• Glutamate;
  • Transporter;
  • Striatum;
  • Glutamine synthetase;
  • Microdialysis;
  • Cerebrospinal fluid;
  • Mouse;
  • Retrovirus;
  • AIDS dementia complex

Abstract: Mice infected with the LP-BM5 leukemia retrovirus mixture develop a progressive immunodeficiency with associated behavioral, histological, and neurochemical alterations consistent with glutamatergic hyperactivation. To gain insight into the contribution of excitatory amino acids to the neurodegeneration observed in these mice, their concentrations were measured in the CSF and striatal microdialysates. Glutamate concentrations were significantly elevated in CSF but not plasma as early as 4 weeks postinoculation. Steady-state glutamate levels in striatal microdialysates were increased threefold and could be reduced 40% by application of l-α-aminoadipate, an inhibitor of microglial glutamate transport.
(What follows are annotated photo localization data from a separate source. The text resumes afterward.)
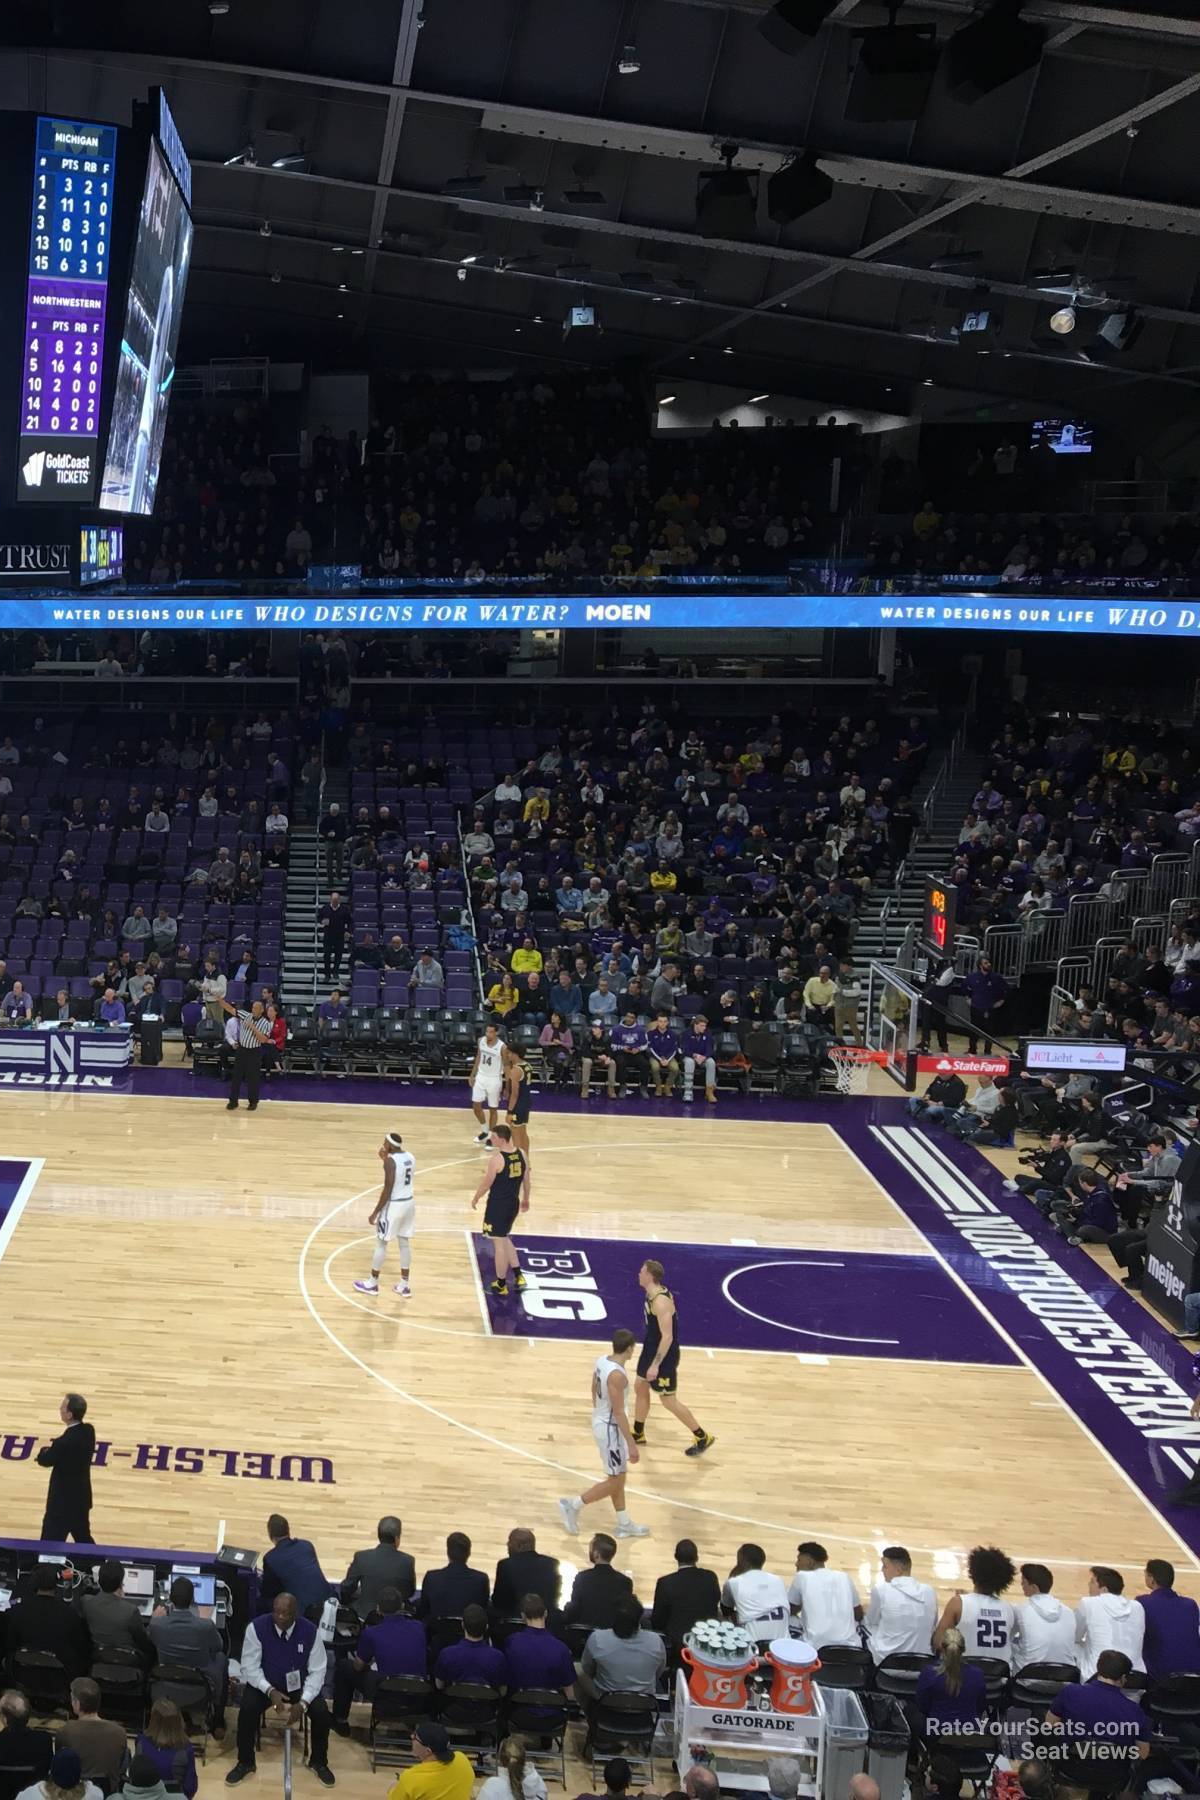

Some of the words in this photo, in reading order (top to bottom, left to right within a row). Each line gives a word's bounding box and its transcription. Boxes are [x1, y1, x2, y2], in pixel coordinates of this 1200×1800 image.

[55, 132, 98, 146] MICHIGAN
[62, 158, 79, 172] PTS
[84, 162, 98, 172] RB
[103, 164, 110, 174] F
[39, 175, 46, 189] 1
[64, 178, 72, 192] 3
[84, 180, 92, 194] 2
[101, 182, 108, 196] 1
[38, 196, 46, 210] 2
[61, 198, 74, 212] 11
[84, 200, 90, 214] 1
[100, 202, 108, 216] 0
[37, 216, 45, 230] 3
[62, 218, 71, 232] 8
[82, 220, 90, 234] 3
[98, 222, 105, 236] 1
[36, 236, 50, 250] 13
[58, 238, 72, 252] 10
[81, 240, 88, 254] 1
[97, 242, 104, 256] 0
[34, 256, 48, 270] 15
[60, 258, 68, 272] 6
[79, 260, 87, 274] 3
[96, 262, 102, 275] 1
[33, 295, 101, 309] NORTHWESTERN
[52, 320, 69, 332] PTS
[74, 322, 87, 333] RB
[94, 324, 100, 334] F
[30, 338, 39, 352] 4
[56, 340, 64, 354] 8
[74, 341, 82, 355] 2
[91, 342, 98, 356] 3
[30, 358, 38, 372] 5
[52, 360, 64, 373] 16
[72, 361, 82, 374] 4
[90, 361, 97, 374] 0
[28, 378, 42, 391] 10
[53, 378, 61, 392] 2
[72, 380, 80, 393] 0
[88, 380, 96, 394] 0
[27, 397, 40, 410] 14
[52, 398, 60, 411] 4
[72, 398, 80, 412] 0
[88, 399, 94, 412] 2
[26, 416, 40, 430] 21
[51, 416, 60, 430] 0
[70, 417, 78, 430] 2
[86, 418, 94, 431] 0
[46, 454, 90, 470] GoldCoast
[56, 470, 90, 484] TICKETS
[53, 609, 101, 620] WATER
[108, 609, 170, 620] DESIGNS
[176, 609, 205, 620] OUR
[211, 609, 244, 620] LIFE
[254, 606, 306, 622] WHO
[314, 606, 413, 622] DESIGNS
[422, 605, 468, 622] FOR
[479, 604, 570, 622] WATER?
[586, 604, 651, 621] MOEN
[880, 607, 936, 619] WATER
[943, 608, 1012, 620] DESIGNS
[1018, 609, 1050, 622] OUR
[1058, 610, 1095, 623] LIFE
[1107, 608, 1167, 626] WHO
[936, 915, 946, 946] 4
[50, 1034, 74, 1073] N
[482, 1054, 492, 1066] 14
[404, 1168, 412, 1186] 5
[378, 1222, 386, 1235] N
[1148, 1253, 1186, 1302] meijer
[944, 1213, 1200, 1440] NORTHWESTERN
[610, 1450, 622, 1466] N
[977, 1618, 1008, 1648] 25
[716, 1678, 732, 1694] G
[786, 1676, 802, 1691] G
[712, 1714, 795, 1732] GATORADE
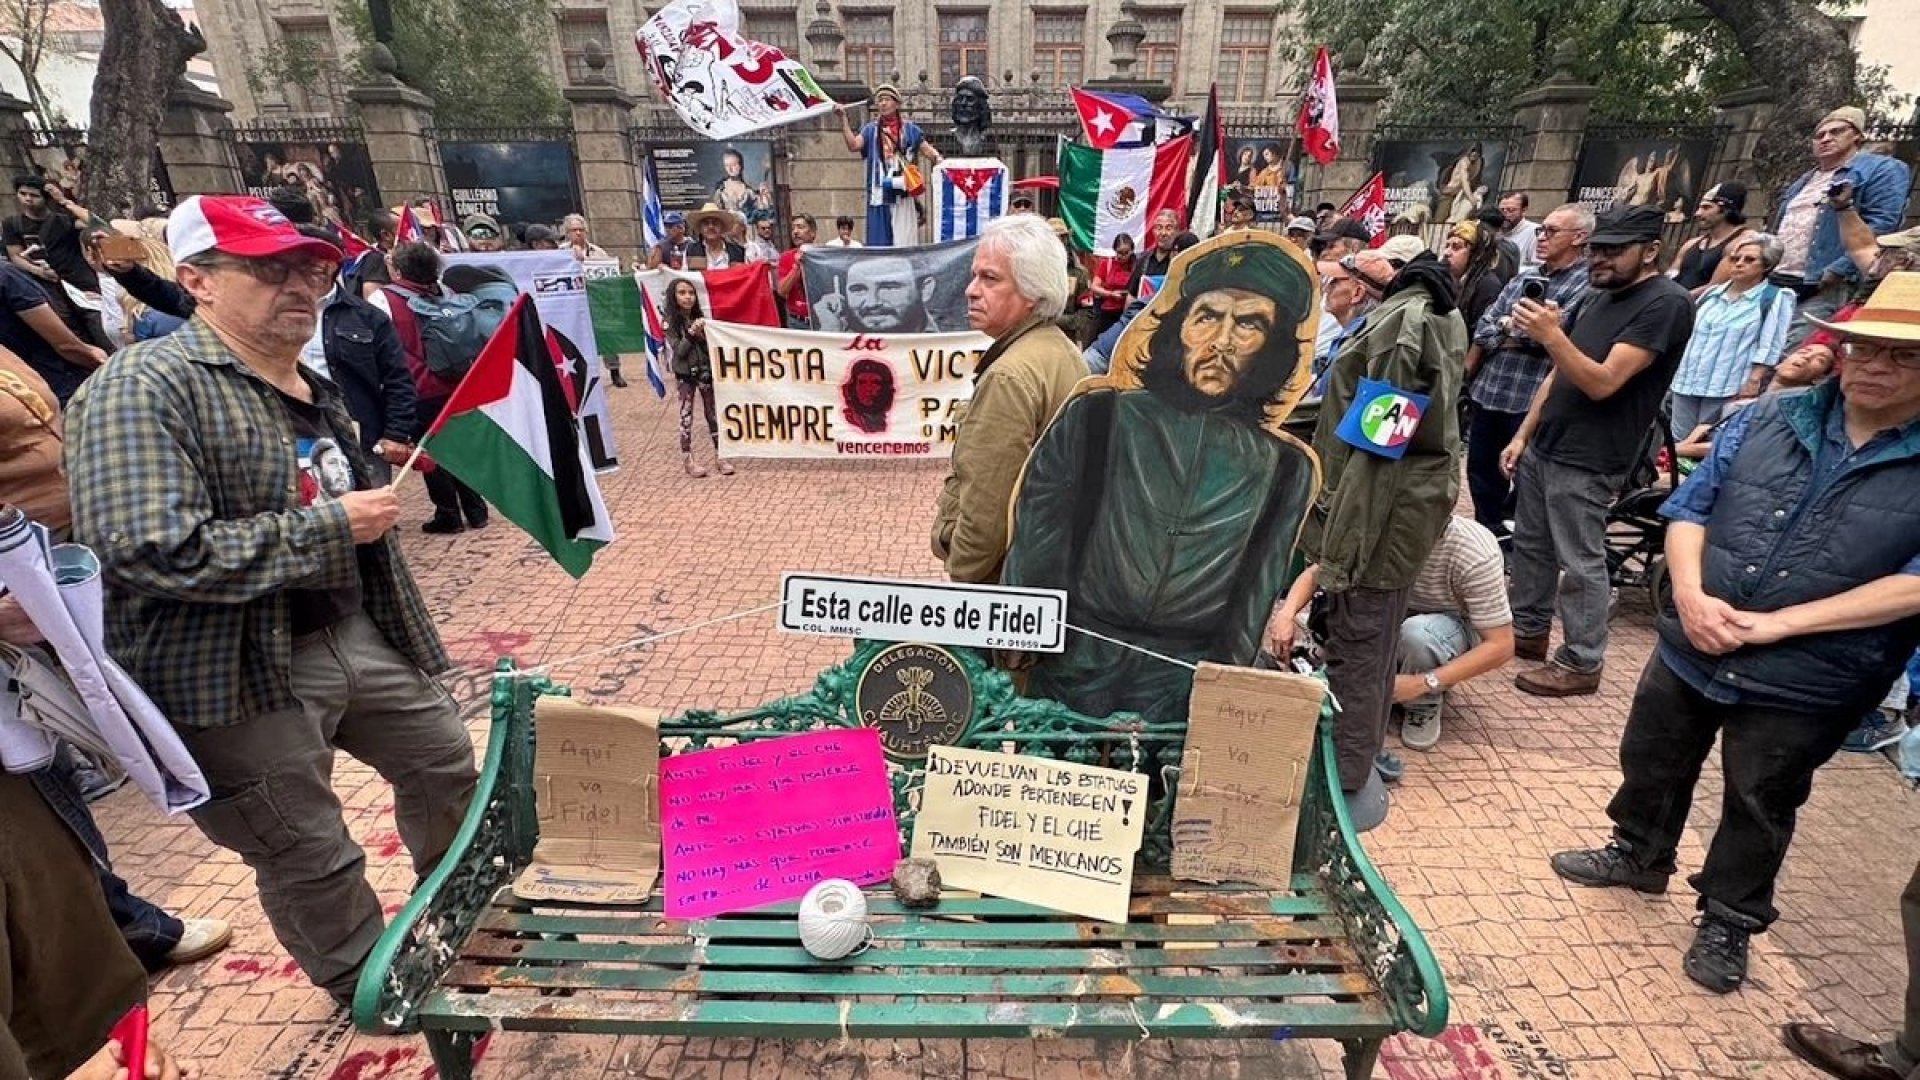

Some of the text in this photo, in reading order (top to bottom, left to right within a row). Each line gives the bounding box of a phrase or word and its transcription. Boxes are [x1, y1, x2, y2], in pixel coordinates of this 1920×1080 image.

Stimulation of infected mice with KCl/l-trans-2,4-pyrrolidine dicarboxylate further increased glutamate levels 170–270% above those evoked in control mice. Tetrodotoxin suppressed the depolarization-evoked increase in glutamate by 88% in control mice, but it had only negligible effects in 40% of infected mice. Analysis of glutamate transport and catabolism suggests that abnormal astrocytic function does not contribute to the increase in basal extracellular glutamate levels. These findings are the first direct evidence that infection with an immunodeficiency-inducing retrovirus leads to a chronic elevation of extracellular free glutamate levels in the brain, which contributes to the neurodegenerative and cognitive deficits observed in these mice.